When Matt Porter first went to college right out of high school, he took some bad advice, and going against his gut instinct, he was pursuing a degree in industrial electricity. However, he said, once his wife was starting to do well in her career, she encouraged him to finish his coaching degree.
“It was the biggest blessing of my life,” Porter said. “There is not a day that goes by that I regret going to work. I have always been very passionate about sports and passionate about helping kids. It really was a dream come true.”
Porter was officially named the new head football coach for Atkins High School on Aug. 10. He has been with the district for seven years, serving as the head junior high football coach and as an assistant varsity football coach, including the last two seasons as defensive coordinator. He replaces former head coach Tommy Cody, who retired after being the coach for nine years.
“Matt is high-character, hardworking and really a sharp guy,” Cody said. “He did a great job as our junior high coach and has been our defensive coordinator for two seasons. Matt stepped in and did a fantastic job.
“Matt is a really good person and a good football coach.”
Cody said he decided to retire after earning an opportunity to work for Farm Bureau Insurance. “With all the craziness going on right now [with COVID-19], it seemed like a good time for me to get out,” he said.
Porter said Cody’s son, Beau, will be a senior this year on the football team and that Beau can line up at the slot position or tight-end position on offense and is a defensive end on the other side of the ball.
“Coach Cody has a whole lot of years of experience, and I have picked up little nuances from him during our time together,” Porter said. “Coaches are some of the biggest thieves in the world, and if you aren’t learning in this profession, then you aren’t trying very hard.”
This is Porter’s first head varsity coaching job for football, but he was named the head softball coach for Atkins in the spring. He replaced Tracey Brown, who stepped away from the position after her daughter graduated. Porter also served as head softball coach at Rose Bud High School prior to his time at Atkins.
“He will do great as the new football coach,” said Darrell Webb, the athletic director for the Atkins School District. “He knows the system, and he will do fine.
“We took into account the situation we are in now, with COVID-19, and we weren’t sure how practice would go with the kids if we brought in someone brand new with a whole new system. Coach Porter was a logical choice, and he will do great.”

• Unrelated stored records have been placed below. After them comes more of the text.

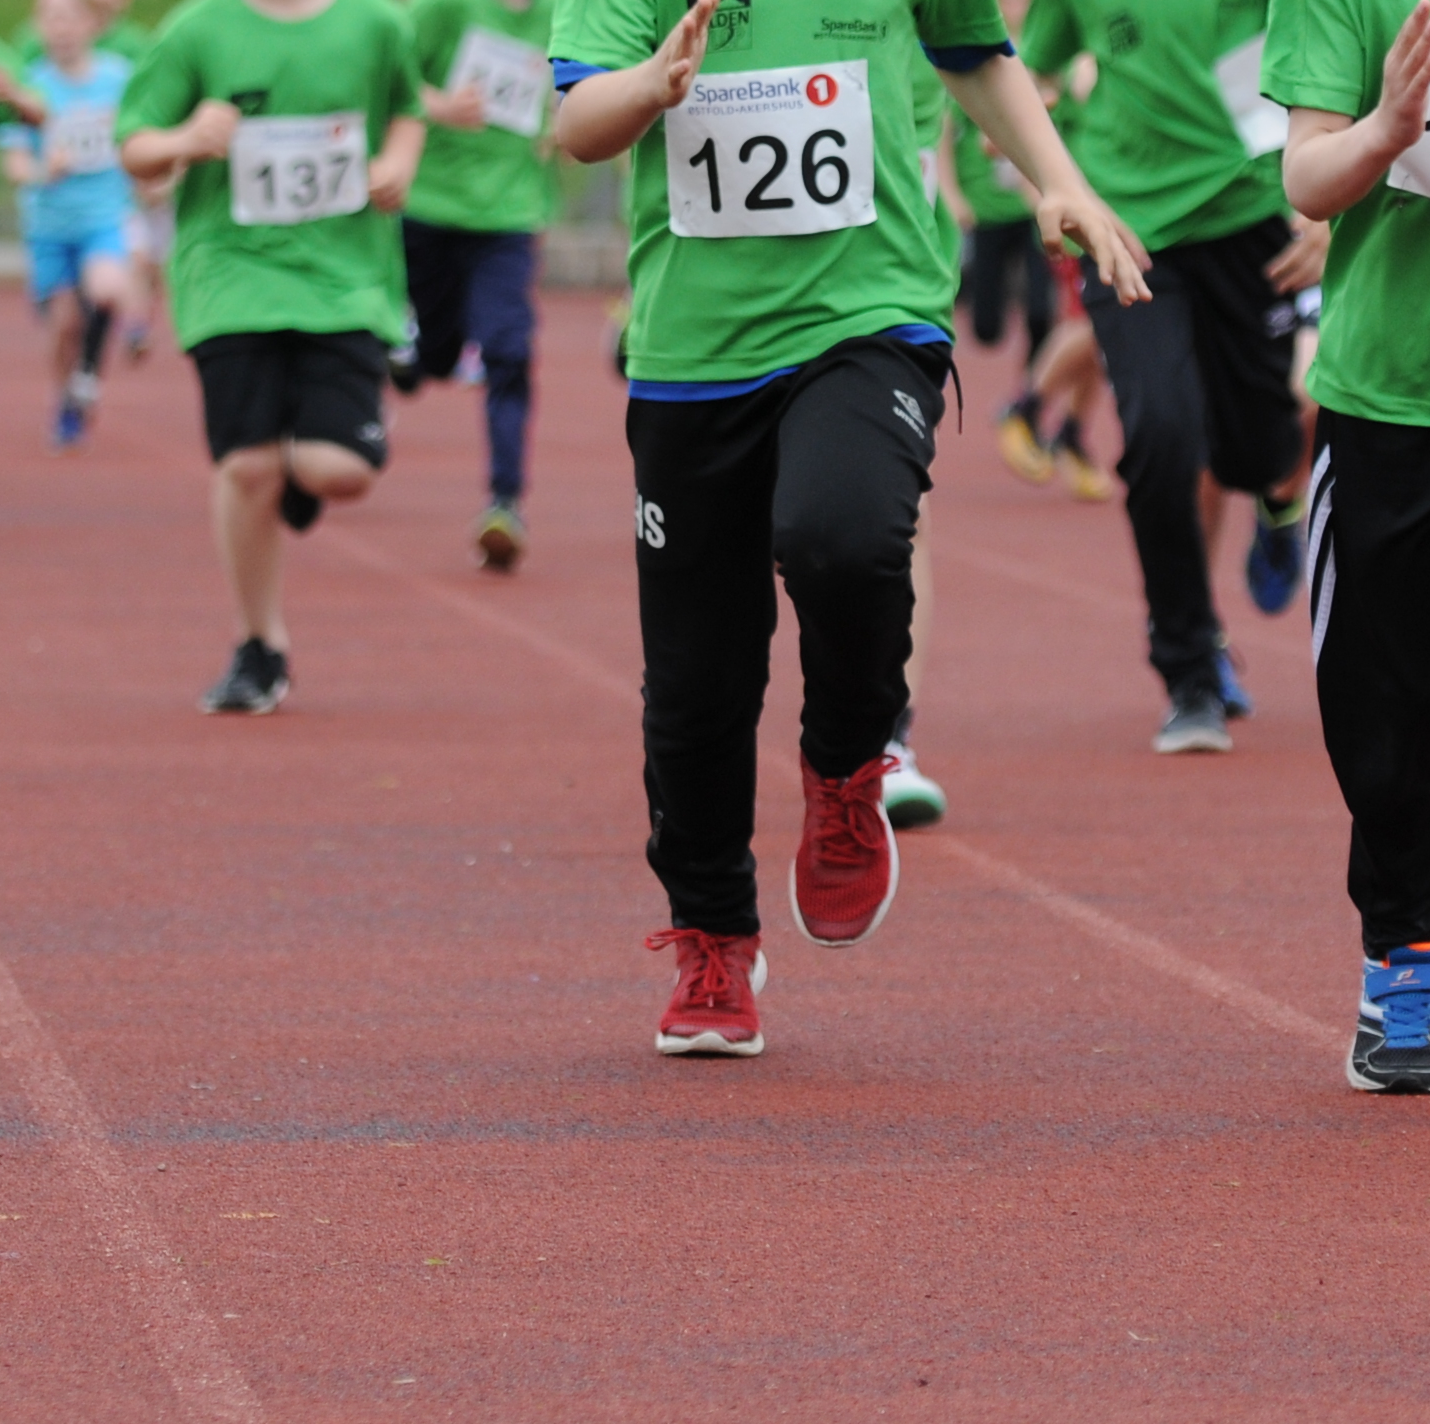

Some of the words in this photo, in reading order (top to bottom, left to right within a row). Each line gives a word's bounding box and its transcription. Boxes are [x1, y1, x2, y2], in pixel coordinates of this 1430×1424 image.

[709, 10, 750, 28] LDEN
[695, 78, 801, 104] SpareBank
[255, 155, 351, 208] 137
[689, 129, 850, 213] 126
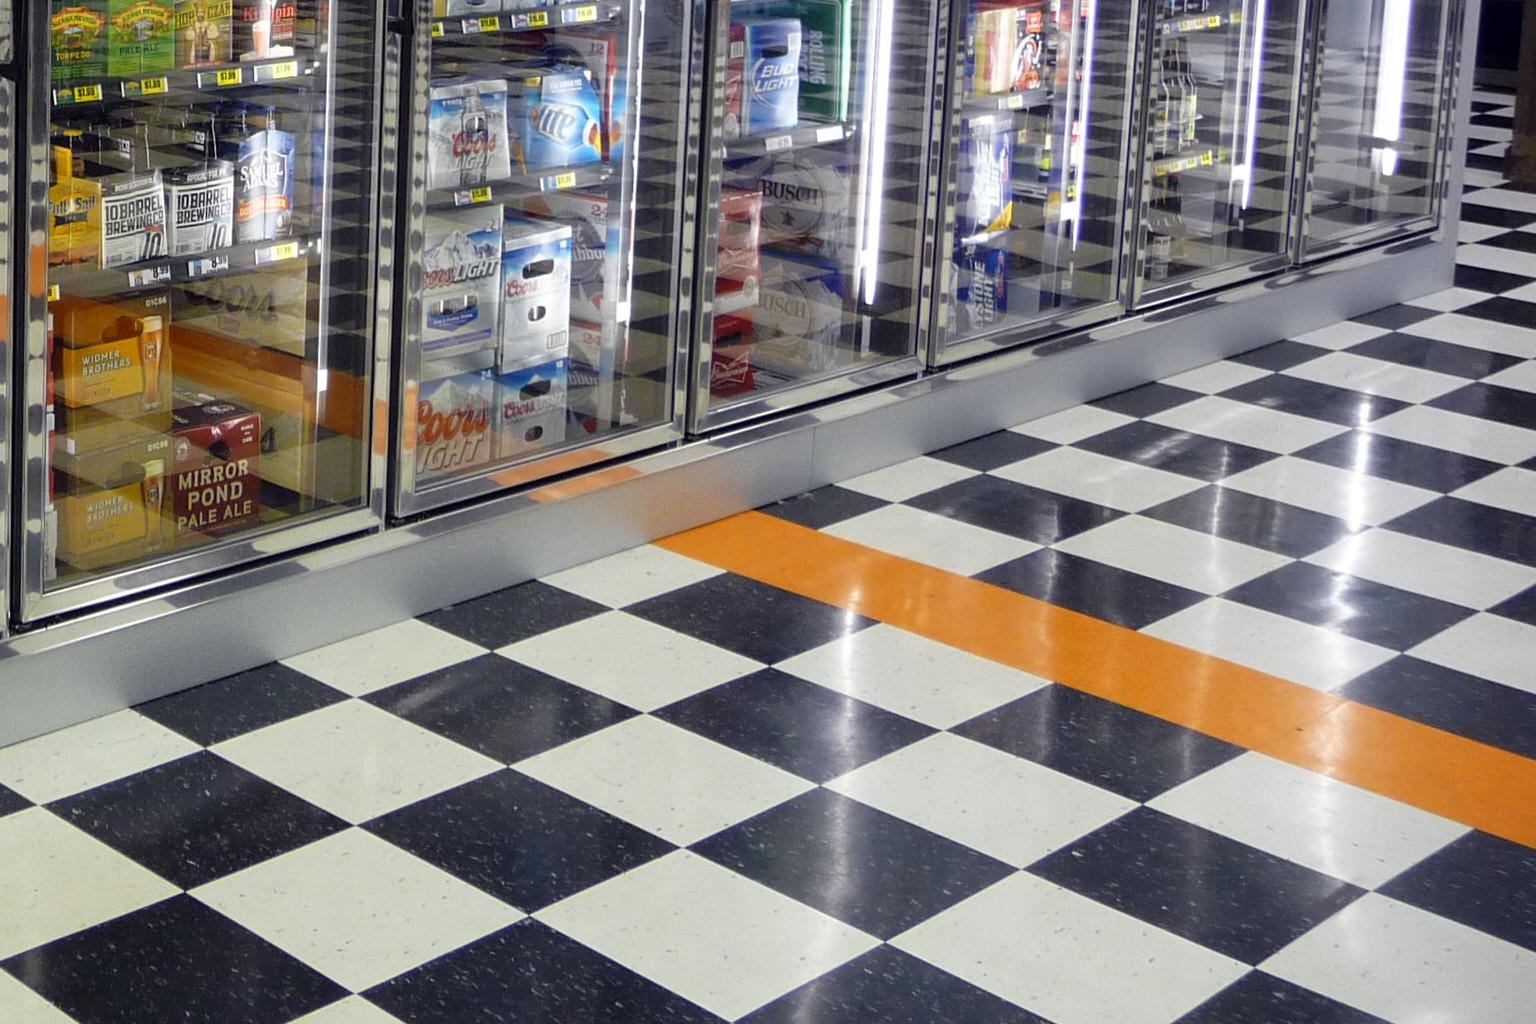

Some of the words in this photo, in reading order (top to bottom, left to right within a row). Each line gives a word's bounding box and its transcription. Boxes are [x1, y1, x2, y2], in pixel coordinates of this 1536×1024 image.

[175, 10, 195, 28] HOP
[207, 2, 232, 22] CZAR
[55, 51, 92, 62] TORPEDO
[119, 46, 141, 56] PALE
[144, 43, 160, 54] ALE
[809, 29, 826, 87] ROLLING
[760, 61, 795, 77] BUD
[752, 75, 798, 93] LIGHT
[452, 129, 497, 159] Coors
[240, 162, 283, 183] SAMUEL
[453, 153, 494, 172] LIGHT
[761, 177, 821, 206] BUSCH
[453, 258, 500, 281] LIGHT
[81, 350, 121, 367] WIDMER
[82, 357, 131, 377] BROTHERS
[504, 400, 535, 420] Coors
[178, 458, 250, 491] MIRROR
[86, 495, 124, 513] WIDMER
[187, 481, 243, 511] POND
[86, 503, 135, 523] BROTHERS
[177, 508, 218, 531] PALE
[223, 500, 253, 517] ALE
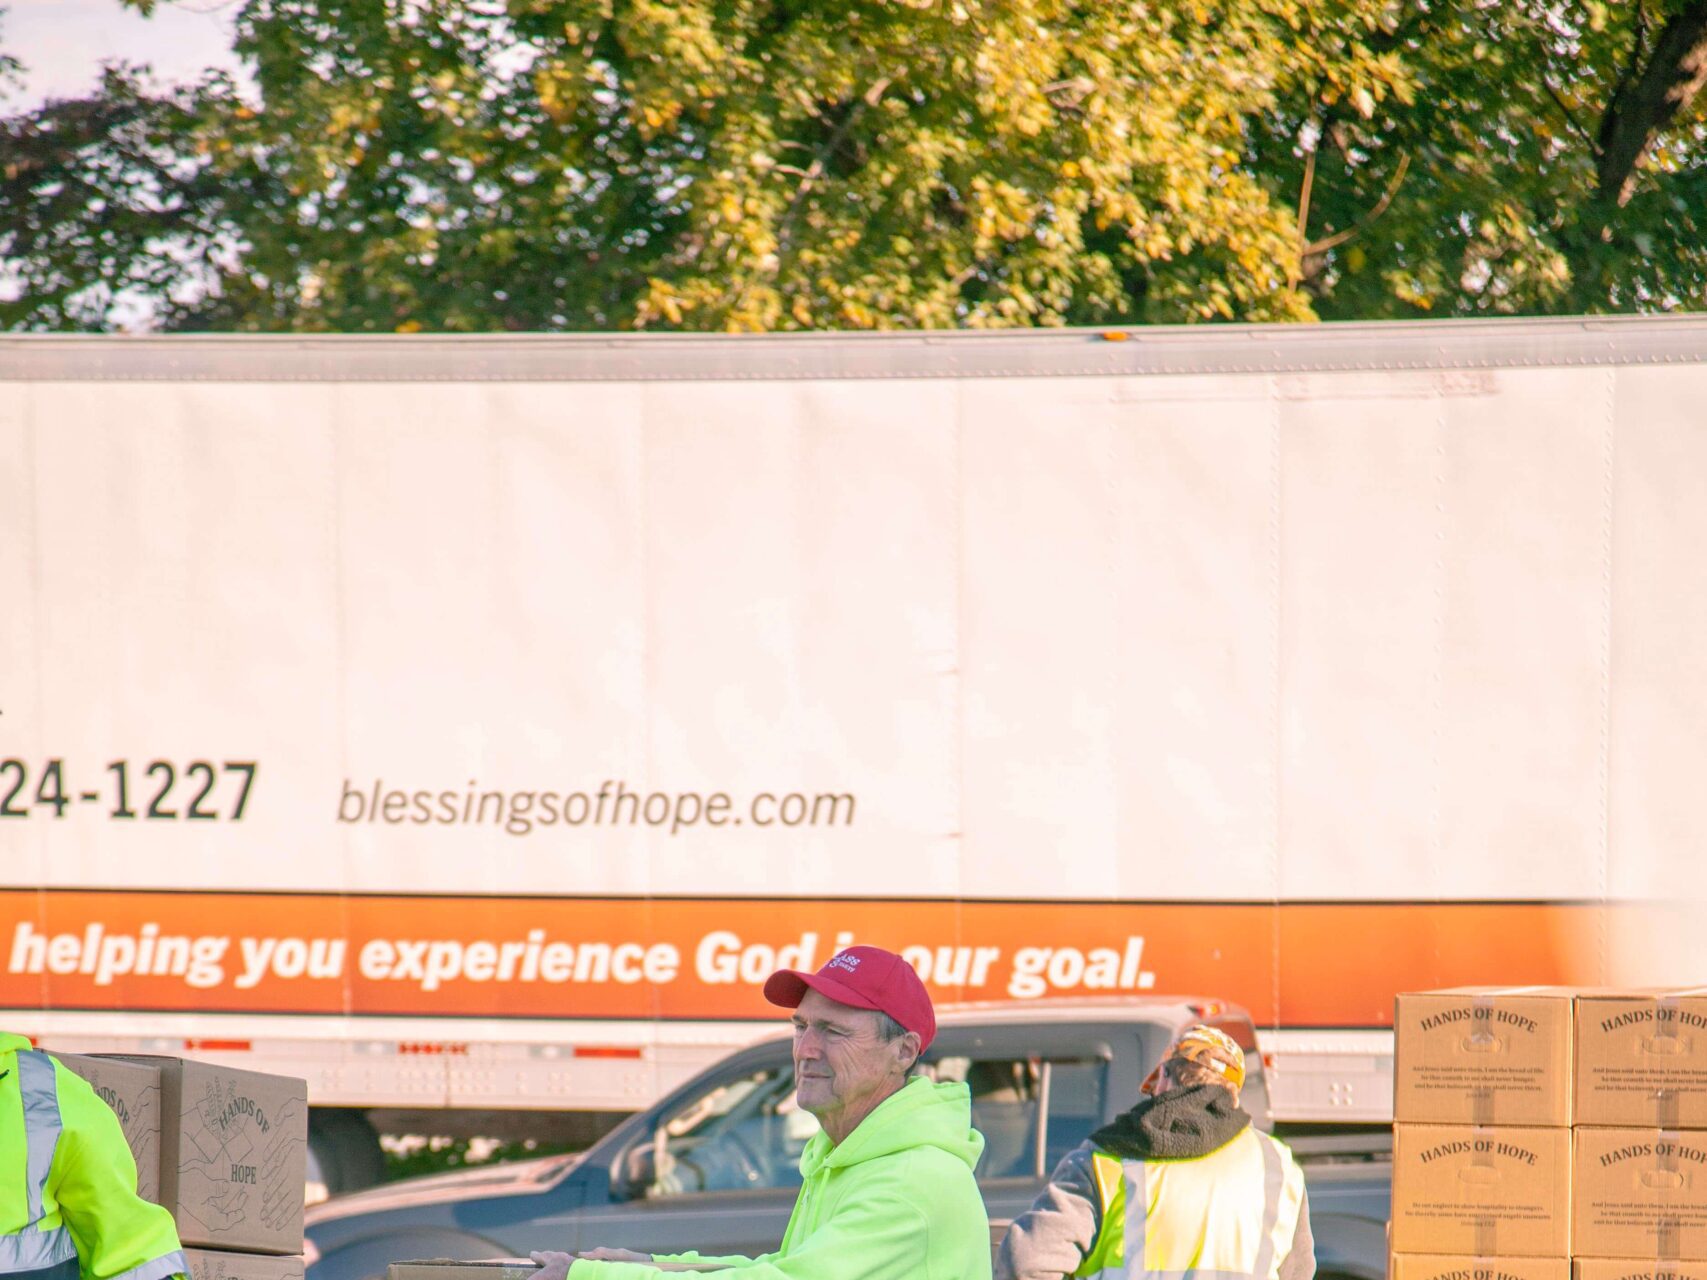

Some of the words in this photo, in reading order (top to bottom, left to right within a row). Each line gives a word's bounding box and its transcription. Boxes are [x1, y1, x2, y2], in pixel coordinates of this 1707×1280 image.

[337, 779, 856, 836] blessingsofhope.com
[9, 923, 229, 986] helping
[235, 940, 348, 988] you
[362, 930, 680, 990] experience
[695, 933, 818, 983] God
[1008, 936, 1156, 997] goal.
[1420, 1009, 1471, 1032] HANDS
[1475, 1008, 1494, 1021] OF
[1496, 1010, 1538, 1032] HOPE
[1601, 1010, 1652, 1032] HANDS
[1657, 1008, 1677, 1022] OF
[218, 1096, 254, 1130] HANDS
[255, 1113, 269, 1134] OF
[1420, 1141, 1471, 1164] HANDS
[1475, 1140, 1494, 1152] OF
[1496, 1143, 1538, 1165] HOPE
[1600, 1144, 1651, 1167] HANDS
[1656, 1143, 1675, 1155] OF
[231, 1164, 256, 1185] HOPE
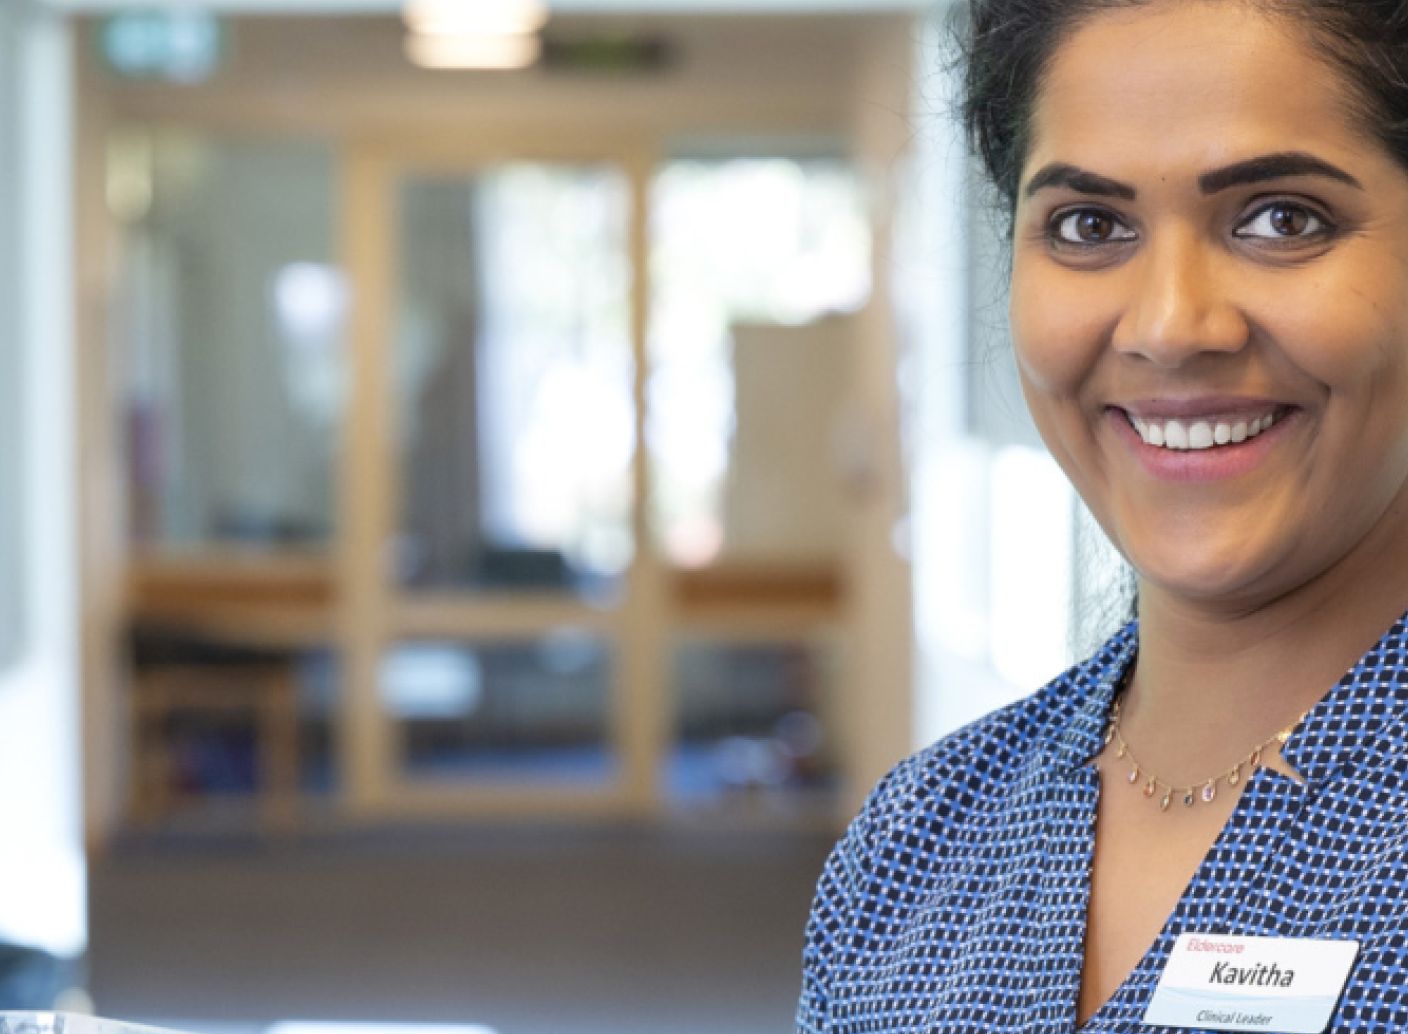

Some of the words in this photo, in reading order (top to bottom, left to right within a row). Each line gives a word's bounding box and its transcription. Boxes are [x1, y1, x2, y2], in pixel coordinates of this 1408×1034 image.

[1186, 938, 1245, 954] Eldercare
[1209, 961, 1295, 987] Kavitha
[1196, 1009, 1234, 1024] Clinical
[1236, 1012, 1273, 1025] Leader

“It means a lot to me to be the new head football coach,” Porter said. “I have so many supporters in my corner rooting for me to go ahead and do this.
“I did not apply for this position at first, but the administration and the school board were really behind me and encouraged me to pursue it. I really love the community, the school and the players. It was a big opportunity that I couldn’t pass up.”
Porter is originally from Prescott, having graduated from high school in 1994. He eventually graduated from the University of Central Arkansas in Conway with a bachelor’s degree in 2007 and earned a master’s degree from the University of Arkansas at Monticello in 2017. Cody said that when he hired Porter, one thing that stood out to him was their similar philosophy toward football.
“We shared the same ideas and mindset and how you go about playing offense,” Cody said. “We were both Spread guys, and we both came from the Tony Franklin System. We both learned that style and system, and [Matt’s] terminology was similar to what we used.
“It was an easy choice. … It just worked out well for everyone.”
Cody said that with Porter being hired, one of the best things is the fact that there are not going to be a lot of wholesale changes. He said the kids already know Porter’s personality, and “they understand where he is coming from.”
“The transition is really going to be seamless,” Cody said.
Atkins has about 26 players on the roster, which Porter said is pretty normal for the district, at least in the seven years he has been there. He said having smaller numbers, during this pandemic, has equal problems than one might face at a larger school.
“At a smaller school, yes, we have fewer players, but we also have a smaller staff than a big school,” Porter said. “But I can see all 26 kids and make sure what we are doing is correct. We have had many meetings explaining the guidelines and what we have to follow, when we have to stay apart and when we can start hitting each other.
“We want to make sure the kids understand the expectations we have as a staff.”
Webb said he and Porter, and the rest of the staff, meet regularly to establish “things we can and can’t do, according to the health guidelines and the [Arkansas Activities Association] guidelines.” He said they did have one athlete test positive for COVID-19, and they reported it to the health department, and practice was able to resume after a few days.
Porter, who has asthma, said he is taking the recommended guidelines very seriously. He does not want to contract COVID-19 because with his underlying condition, the disease could affect him more than others.
“We have been following the letter of the law,” Porter said. “We passed out water bottles and encouraged everyone to bring [their bottle] full every day. We have to make sure our kids are hydrated.
“The simple fact is, no one wants to end up with a case [of COVID-19] on their hands. We don’t our players to get it, and we don’t want a coach to get it.”
Nevertheless, as far the game of football is concerned, Porter said, the goals remain the same.
“One, we play Dover in Week 1, and this is a rival game. It is one of our biggest games,” he said. “The trophy has been in our possession for the last couple of years.
“And two, we want to play for a conference championship, and the second season starts when you get to the playoffs, so once we get there, then we start talking about our expectations for the playoffs.”